* _WORK REQUEST_
Only the pictures are to be left out; return the rest of the data exactly as it stands.

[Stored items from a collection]
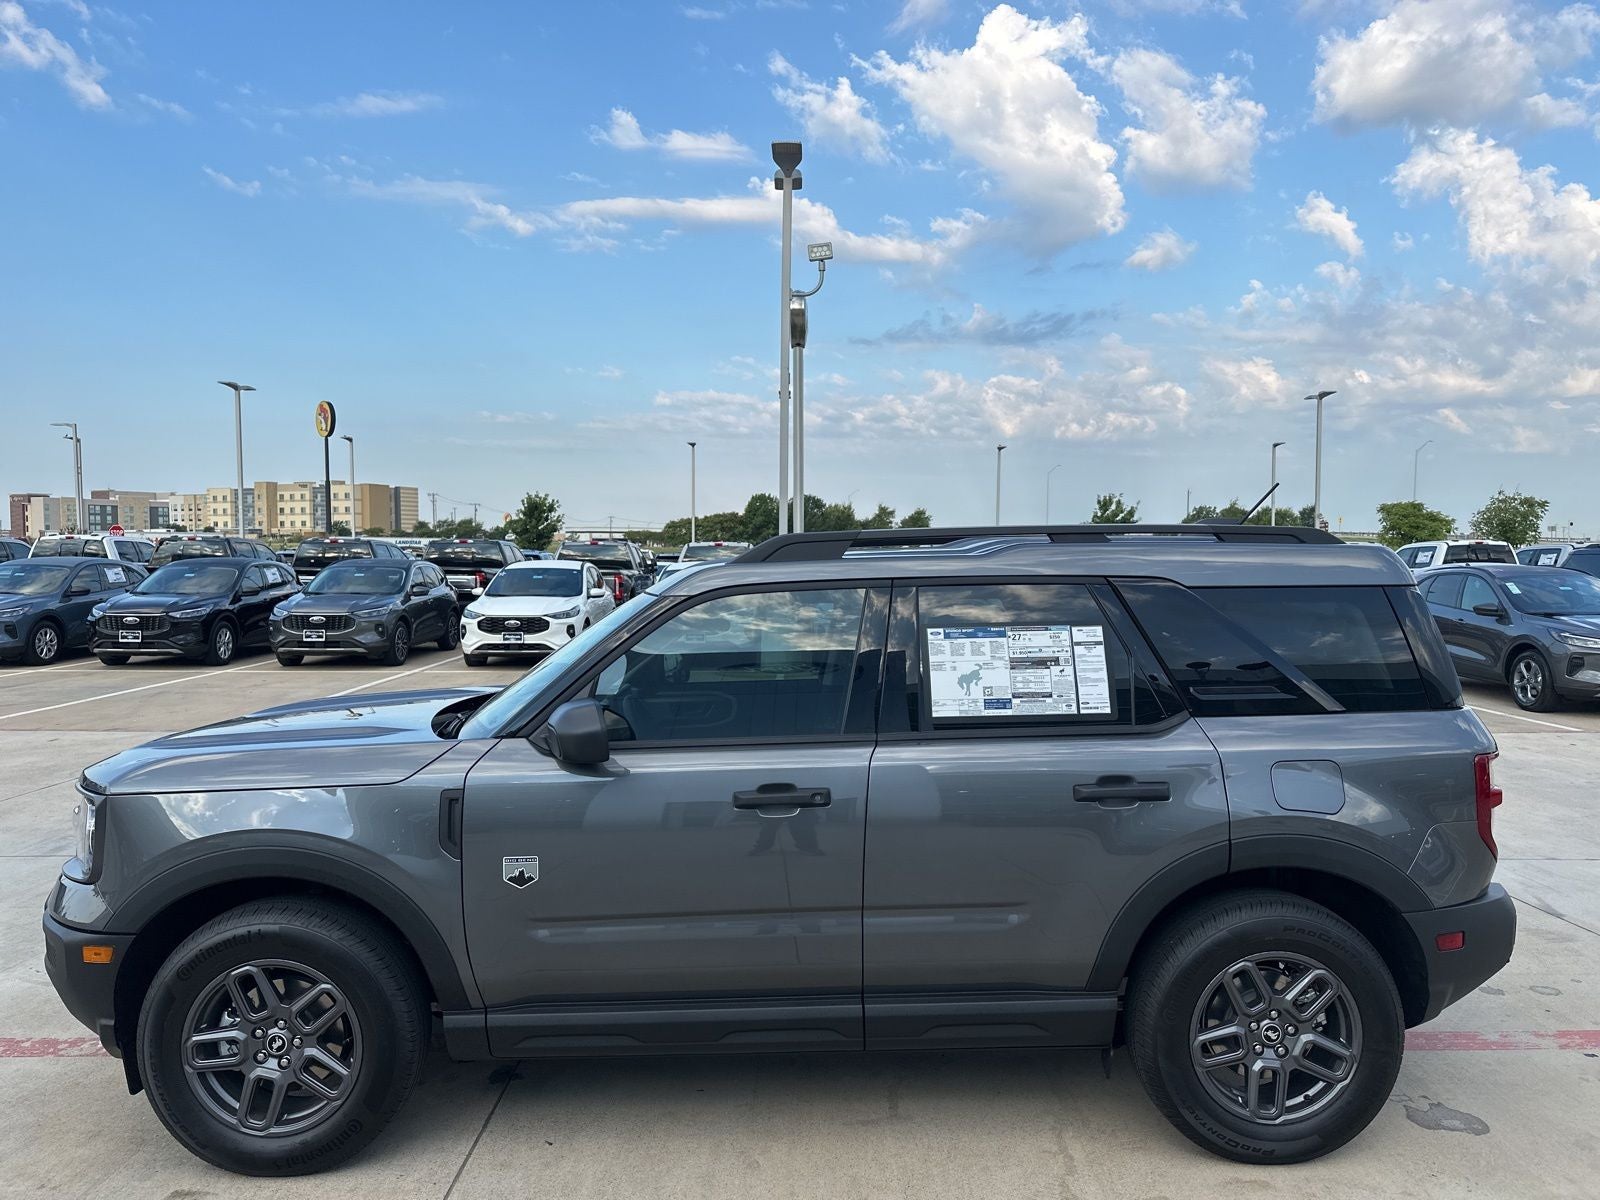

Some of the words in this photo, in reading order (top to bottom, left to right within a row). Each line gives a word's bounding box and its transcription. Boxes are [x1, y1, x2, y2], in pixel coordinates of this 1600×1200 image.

[110, 529, 124, 537] STOP
[1011, 633, 1022, 641] 27
[176, 930, 252, 981] Continental
[286, 1118, 364, 1169] Continental
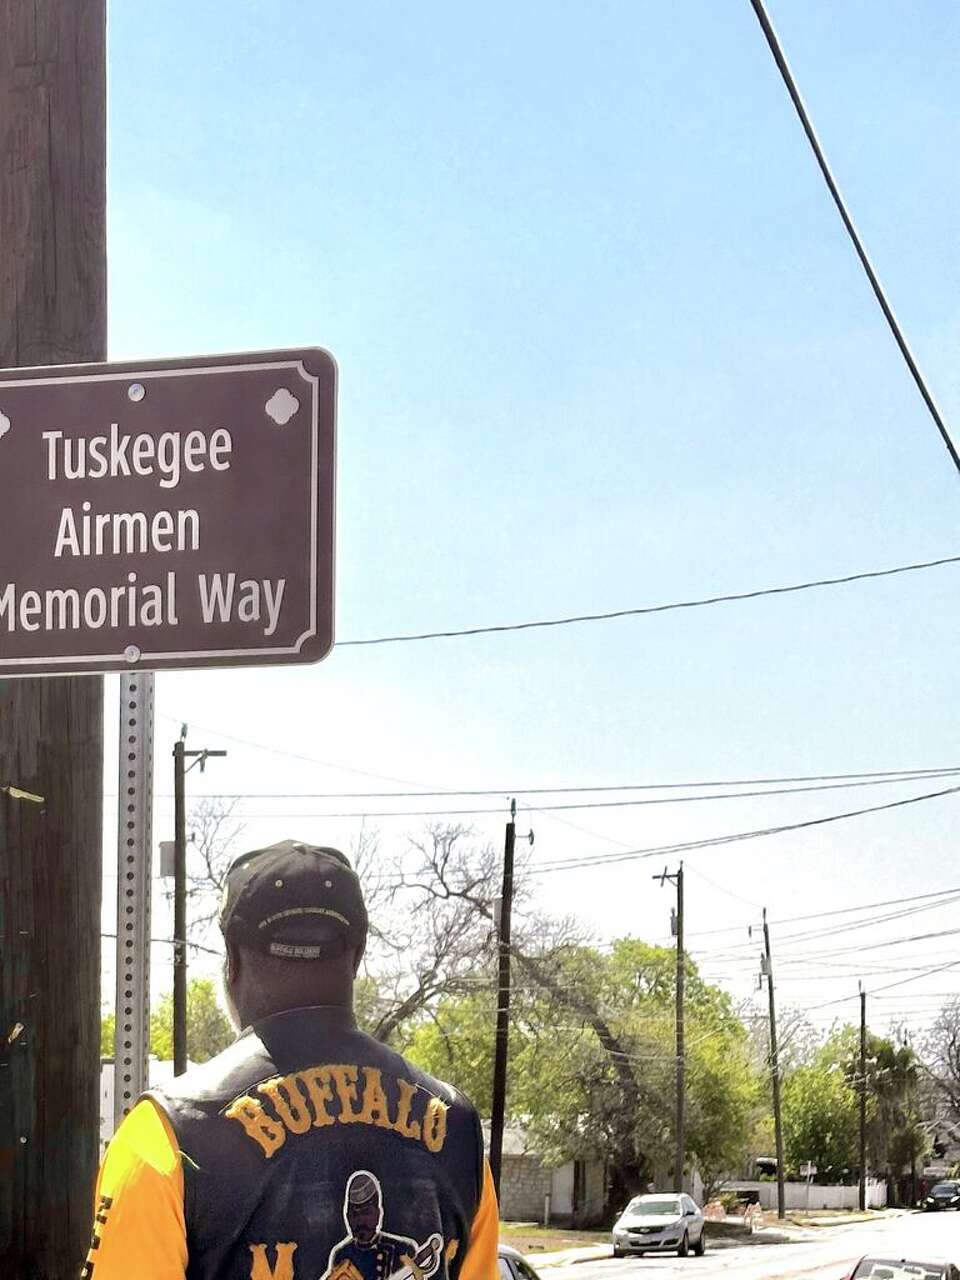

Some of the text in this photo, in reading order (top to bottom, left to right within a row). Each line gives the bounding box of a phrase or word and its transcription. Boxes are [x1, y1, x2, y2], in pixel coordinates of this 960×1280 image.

[42, 423, 233, 489] Tuskegee
[53, 501, 200, 557] Airmen
[198, 573, 286, 636] Way
[224, 1063, 449, 1159] BUFFALO
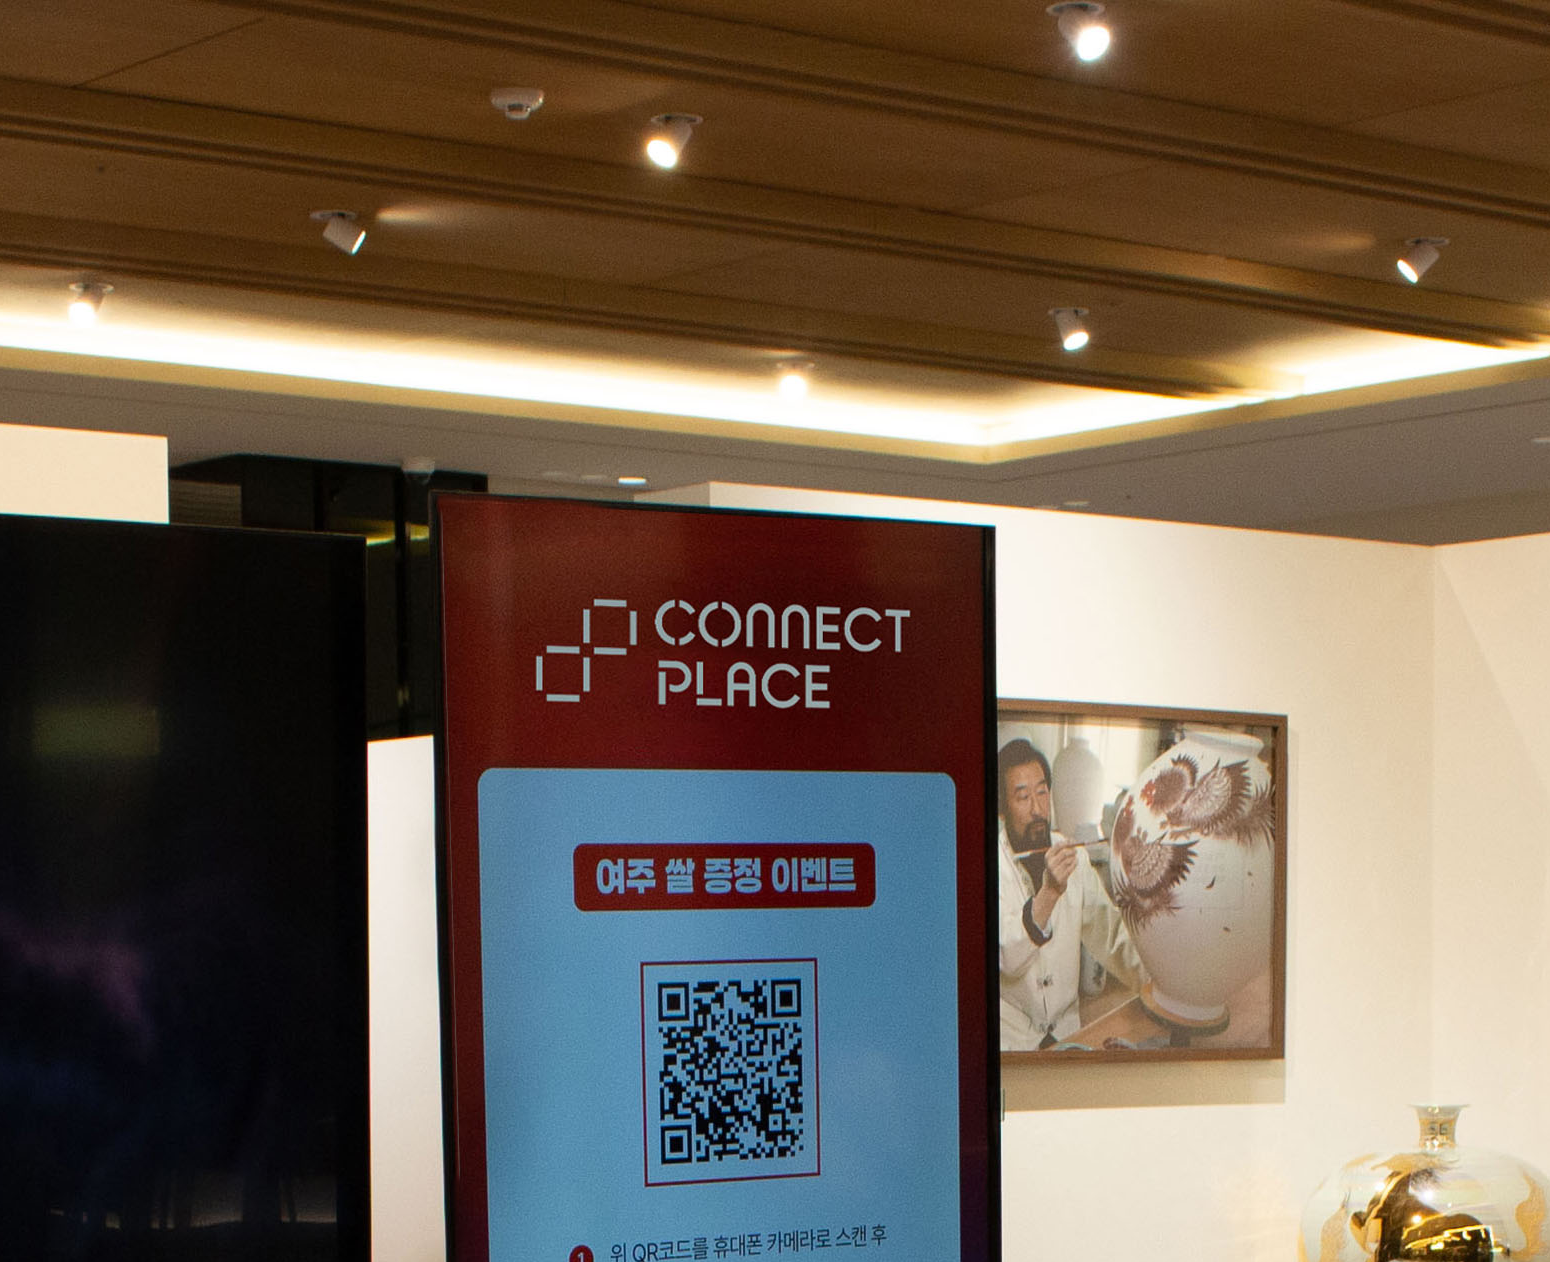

* _ANSWER TO THE EXERCISE_
Some of the words in this photo, in reading order (top to bottom, left to right within a row). Each line gives a word's bounding box and its transcription. Boxes are [x1, y1, x2, y2], in pixel coordinates of this 1600×1200 image.

[110, 529, 124, 537] STOP
[1011, 633, 1022, 641] 27
[176, 930, 252, 981] Continental
[286, 1118, 364, 1169] Continental

Some of the text in this photo, in reading order (top to bottom, left to right within a row). Each line gives the bounding box of a phrase or word and its transcription. Boxes are [x1, y1, x2, y2], in pixel coordinates of this 960×1280 image.

[42, 423, 233, 489] Tuskegee
[53, 501, 200, 557] Airmen
[198, 573, 286, 636] Way
[224, 1063, 449, 1159] BUFFALO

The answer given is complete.